- Material: plaster cast
- Size: 3.5 by 5 feet
- Discovered: September 22, 2000 Gifford Pinchot National Forest near Mount Adams, Washington state

= Skookum cast =

Plaster cast of elk mistaken for evidence of Bigfoot

The Skookum cast is a plaster cast showing the imprint of what appears to be a large animal. It was discovered in a muddy wallow near Mount Adams in the southern part of Washington state in the year 2000. Enthusiasts have argued that the imprint may have been made by the folkloric creature, Bigfoot, though scientific analysis says it was most likely an imprint of an elk. Scholars and academics consider Bigfoot, and alleged evidence, to be a combination of folklore, misidentification, and hoax rather than a living animal.
==Description==
The cast was taken on September 22, 2000, during a Bigfoot Field Researchers Organization (BFRO) expedition to the Skookum Meadows area of the Gifford Pinchot National Forest in Washington state, during filming of the Animal X television show. Researchers filming for the show left fruit in a muddy wallow overnight and the imprint was discovered the next morning; no cameras were left to film. The cast, which measures 3.5 × 5 ft and weighs approximately 400 lb, is of a partial body imprint left in mud.
==Analysis==
As seen during the Animal X episode, the Skookum cast was scanned onto a computer for further analysis and also studied in person by physical anthropologist Grover Krantz, wildlife biologist John Bindernagel, and others. Krantz stated his belief that the cast was made by a Sasquatch. Professor of the Department of Anthropology at Idaho State University, Jeffrey Meldrum, also studied the cast and found specific details in what he believed to be the foot area of the cast and found evidence of dermatoglyphics that he believes are related to primate feet.

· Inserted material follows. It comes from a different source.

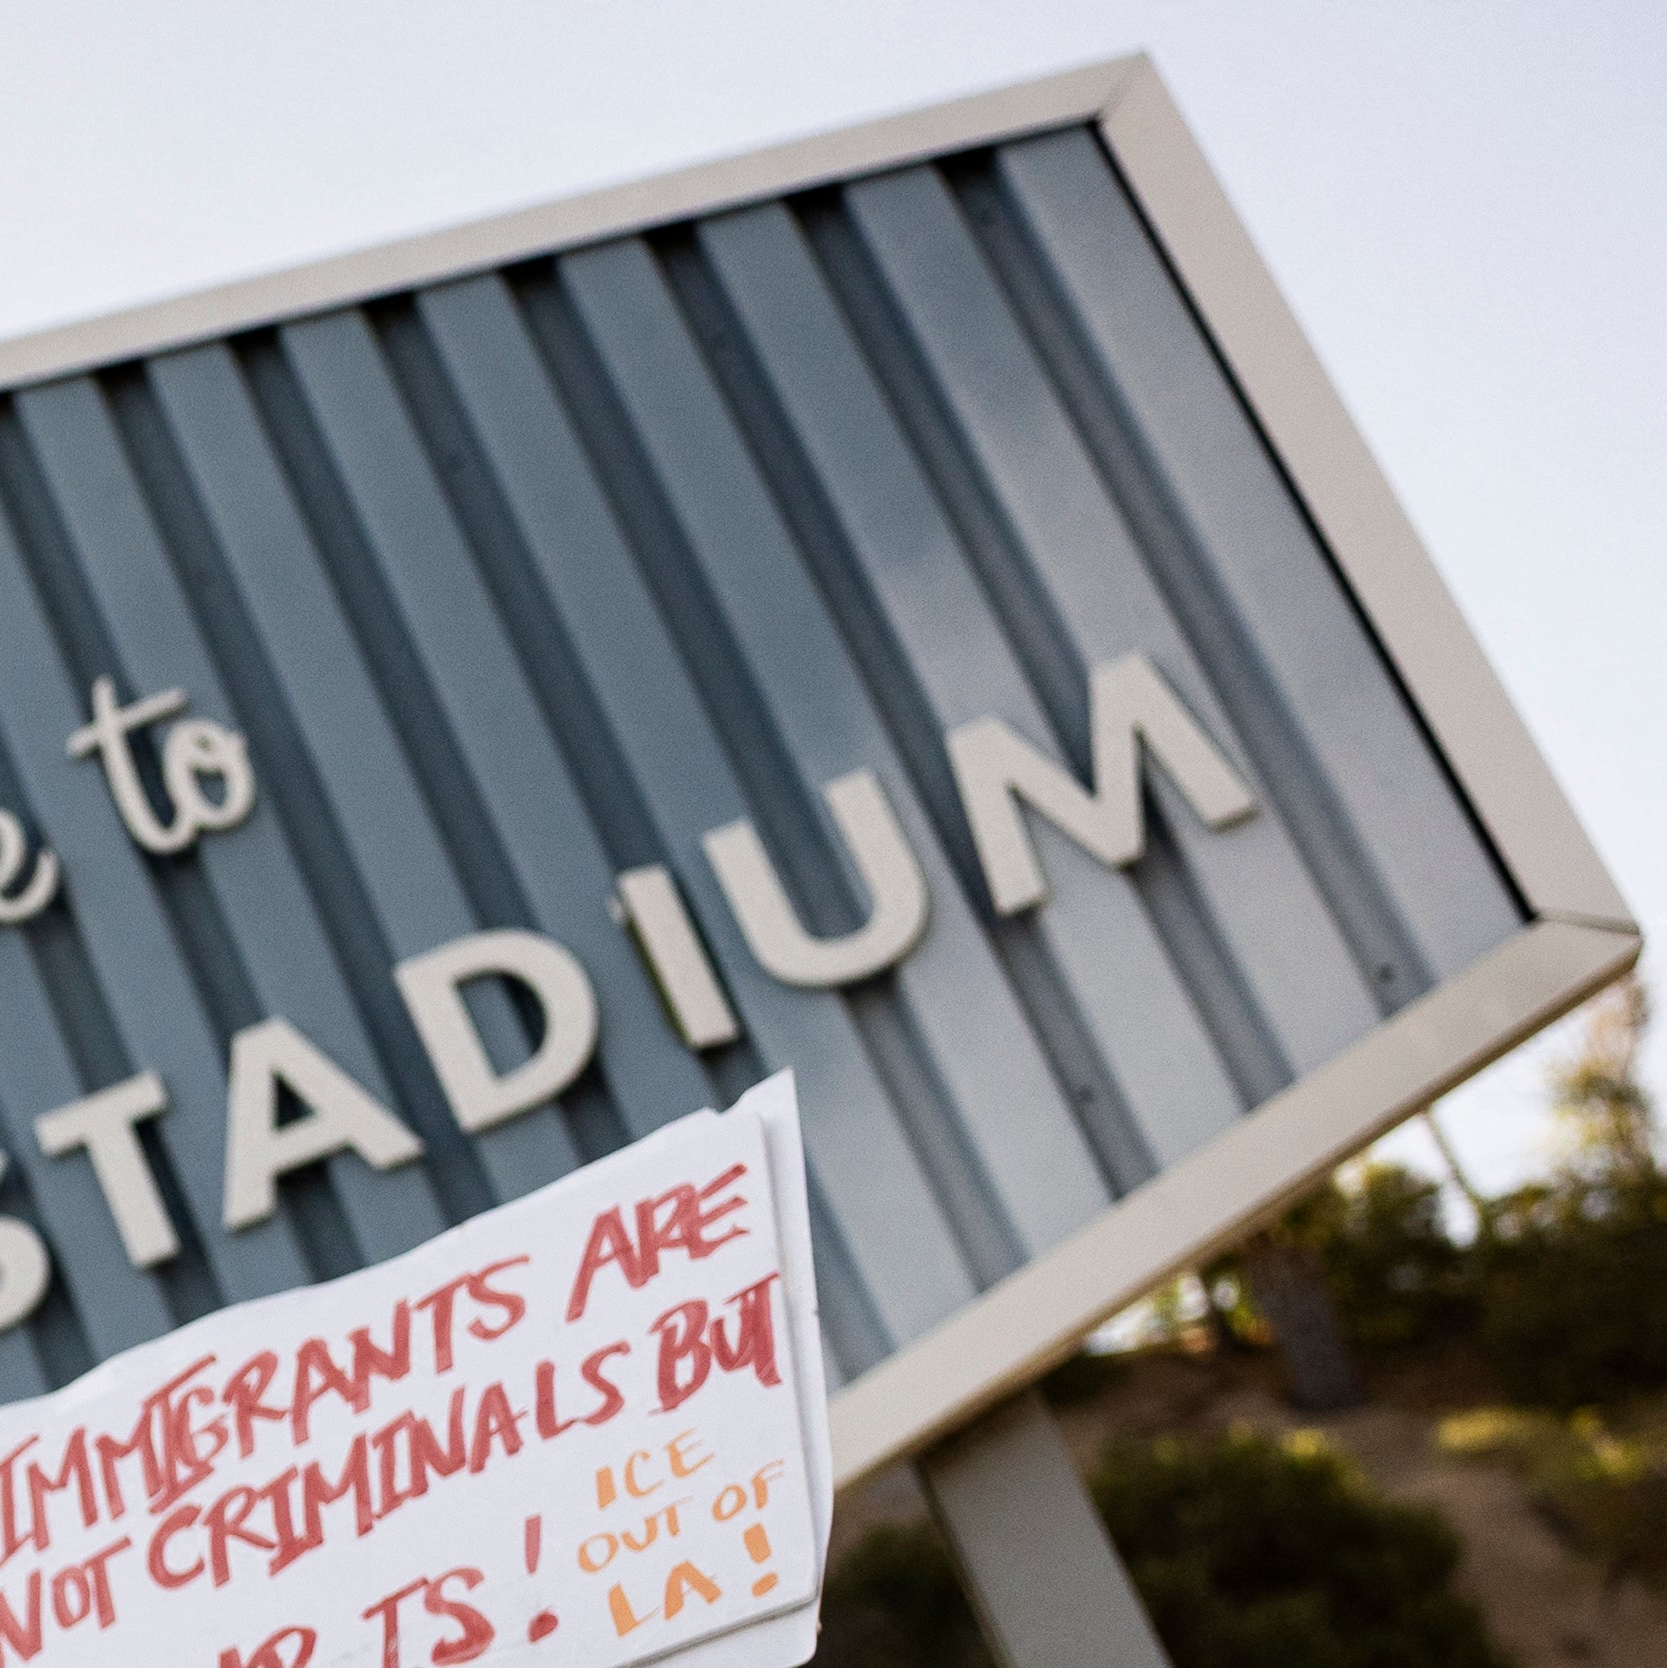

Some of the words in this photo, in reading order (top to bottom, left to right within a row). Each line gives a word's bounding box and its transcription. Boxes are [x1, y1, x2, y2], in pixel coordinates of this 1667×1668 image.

The expedition diary states that three of the six apples were gone and the melons were pecked by birds. Tracks of elk, deer, bear and coyote were found nearby. The group concludes that an animal laid at the edge of the mud and reached over to grab the fruit. Discussion in the group, of reasons why an animal would not just grab the fruit led to the possible explanation that the "animal did not want to leave tracks". Chewed apple were collected and sent to a lab for analysis.
==Conclusion==
On March 3, 2001, Marc Hume wrote an article for the National Post of Canada in which he recognized the clear tracks of an elk and described: "imprints left that would match perfectly with an elk's legs." In his opinion, the cast was "if anything, a cast of the impression made by the hindquarters of an elk. Hair found was analyzed and found to be from an elk.

MonsterTalk podcaster Blake Smith writing for Skeptoid in 2014 concluded the BRFO cast "was under a lot of pressure to produce substantial evidence for the television crew of Animal X" though Smith does not suspect hoaxing, but that people with "strong motivations that could easily lead to confirmation bias". The cast was "handled as a sensational discovery, but not as a scientific one" following their discovery by releasing a press release and not publication in a scientific journal. There were no researchers without an agenda or experts on elk providing comment. Smith states that the cast "is widely dismissed, even by some prominent Bigfoot proponents, as nothing more than a cast of an elk wallow. ... which is a common elk behavior." Physical access to the cast has been limited, and the "BFRO nor Meldrum and his credentialed associates have explained by what means they were able to rule out an elk as the cause of the impression."

Paranormal researcher and author Ben Radford writing for Skeptical Inquirer in March 2002, "Bigfoot at 50" concludes that as of 2002 no evidence is found, no bones, no bodies, "[E]ach passing day should be one day closer to their discovery. ... each ... decade that go by without definite proof of the existence of Bigfoot make its existence less and less likely." If Bigfoot is real, then it will be found. If it is "instead a self-perpetuating phenomenon ... the stories, sightings, and legends will likely continue unabated for centuries." Twenty years later, in December 2023, Radford asks the question, "Is Bigfoot Dead?", updating with a timeline from 2000 to 2023. His conclusion is that "Bigfoot is nowhere to be seen"; the search has stalled and though the "notable lack of evidence hasn't dampened the enthusiasm of devotees" the lack of evidence is that the "creatures simply do not exist and that the apparent evidence for them rests mostly on mistakes, hoaxes, and wishful thinking."

According to Bigfoot researcher Matthew Crowley, John Green considered one of the "Four Horseman" of Bigfoot examined the cast and "found it strong evidence of Sasquatch." Others in the pro-Bigfoot community followed his opinion even claiming "'dermal ridges" and "'testicular impressions'". In time, "Dr. Anton Wroblewski demonstrated with photographic comparisons – definitively and unambiguously – that the impression represented a reclining elk."